(Saved entries)

-.-.-

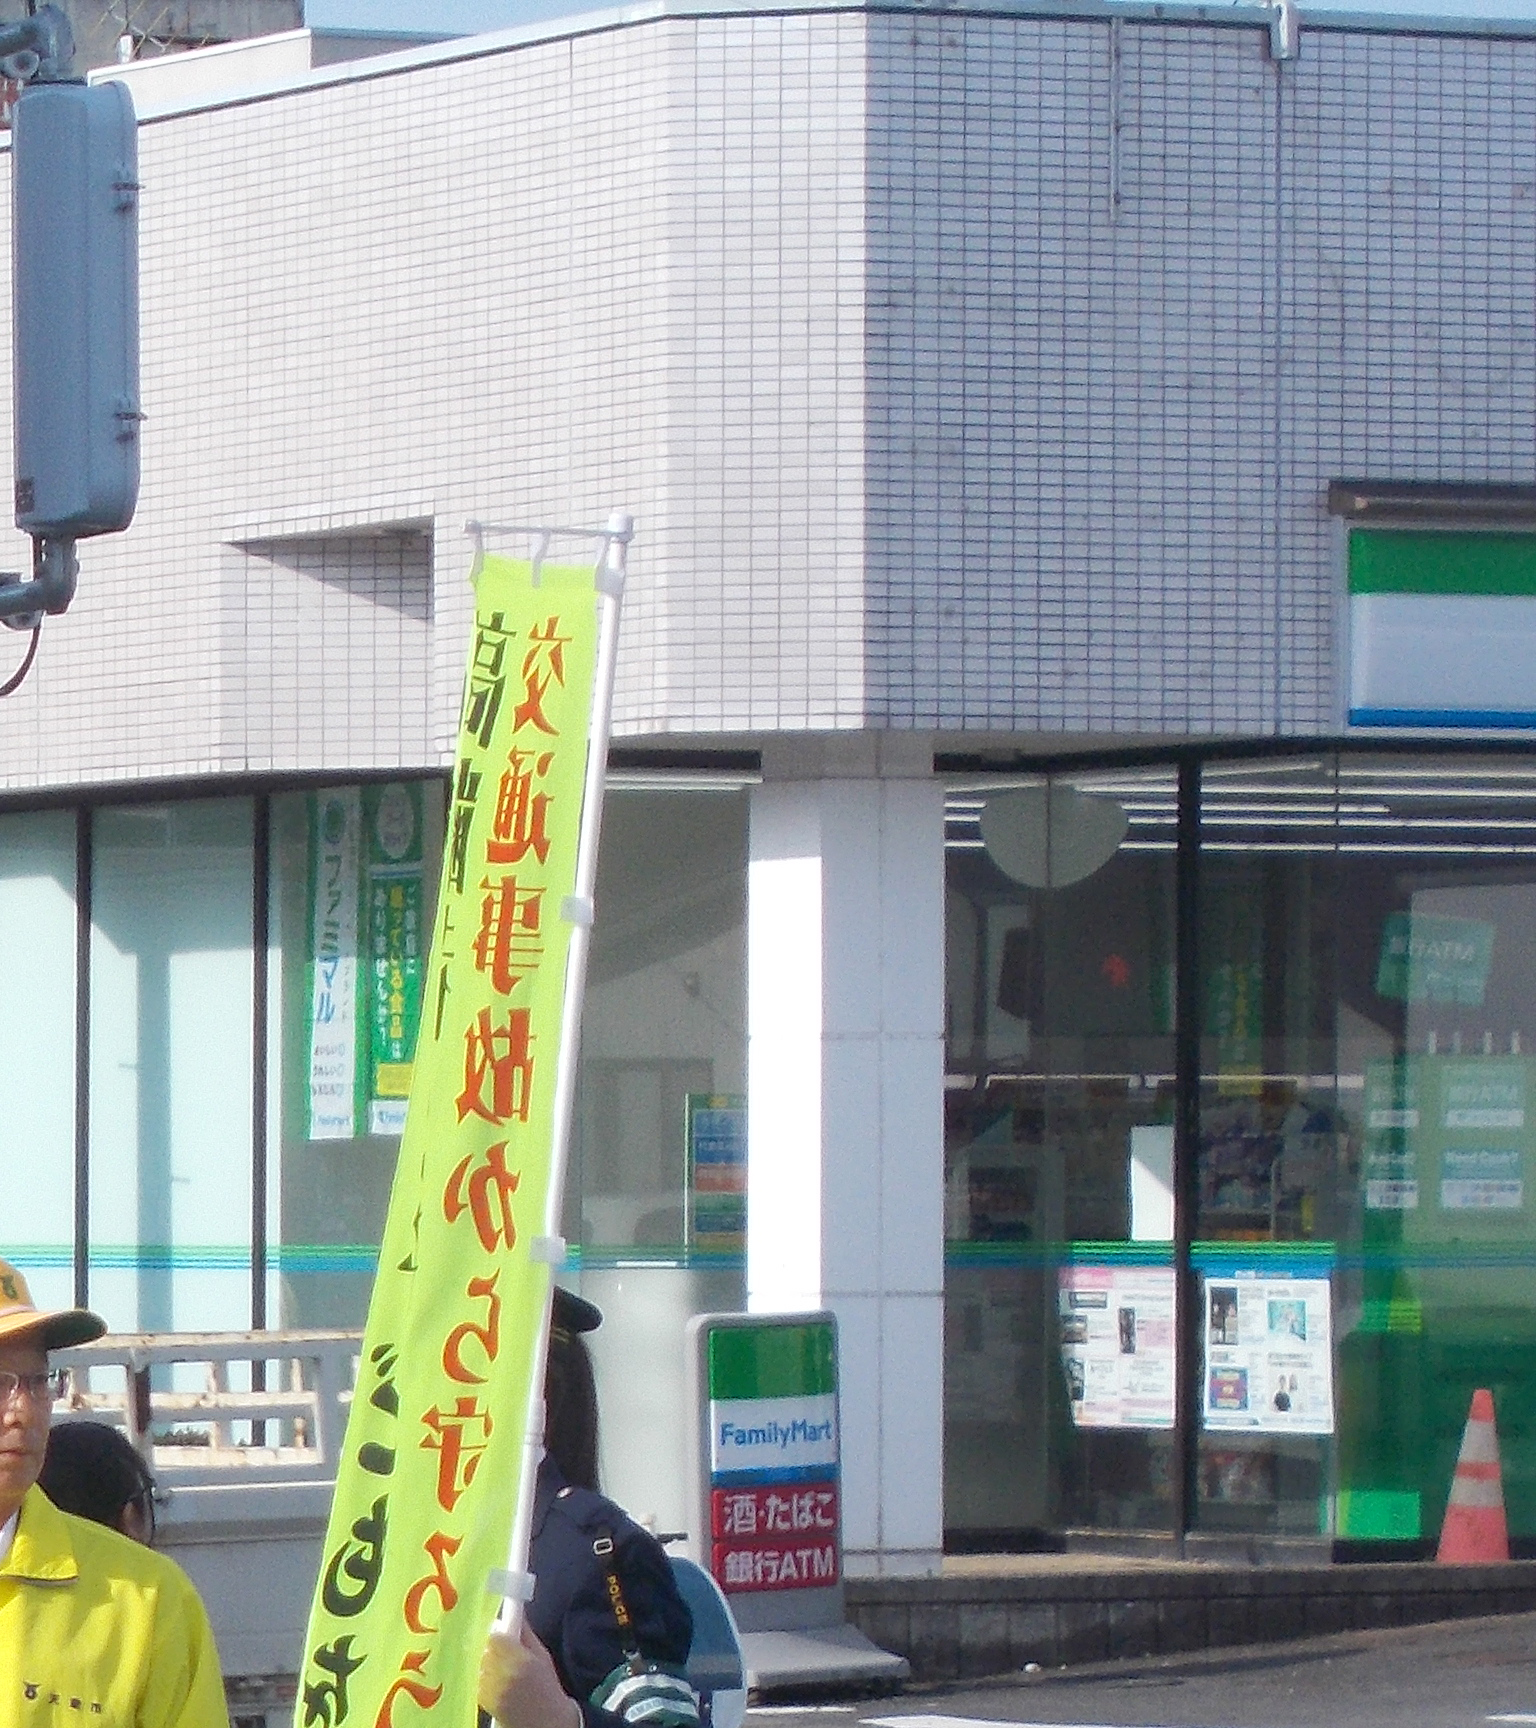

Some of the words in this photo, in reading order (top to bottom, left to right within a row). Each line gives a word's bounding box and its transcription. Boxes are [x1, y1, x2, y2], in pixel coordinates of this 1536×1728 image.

[720, 1418, 833, 1449] FamilyMart
[723, 1491, 835, 1534] 酒・たばこ
[724, 1546, 834, 1583] 銀行ATM
[606, 1573, 631, 1627] POLICE

-.-.-

◆ **What this task involves**
Transcribe the records in full and exactly. Pictures stay out.

◆ **Solved problem**
Some of the words in this photo, in reading order (top to bottom, left to right within a row). Each line gives a word's bounding box and its transcription. Boxes are [x1, y1, x2, y2], in pixel coordinates of this 1536×1728 image.

[720, 1418, 833, 1449] FamilyMart
[723, 1491, 835, 1534] 酒・たばこ
[724, 1546, 834, 1583] 銀行ATM
[606, 1573, 631, 1627] POLICE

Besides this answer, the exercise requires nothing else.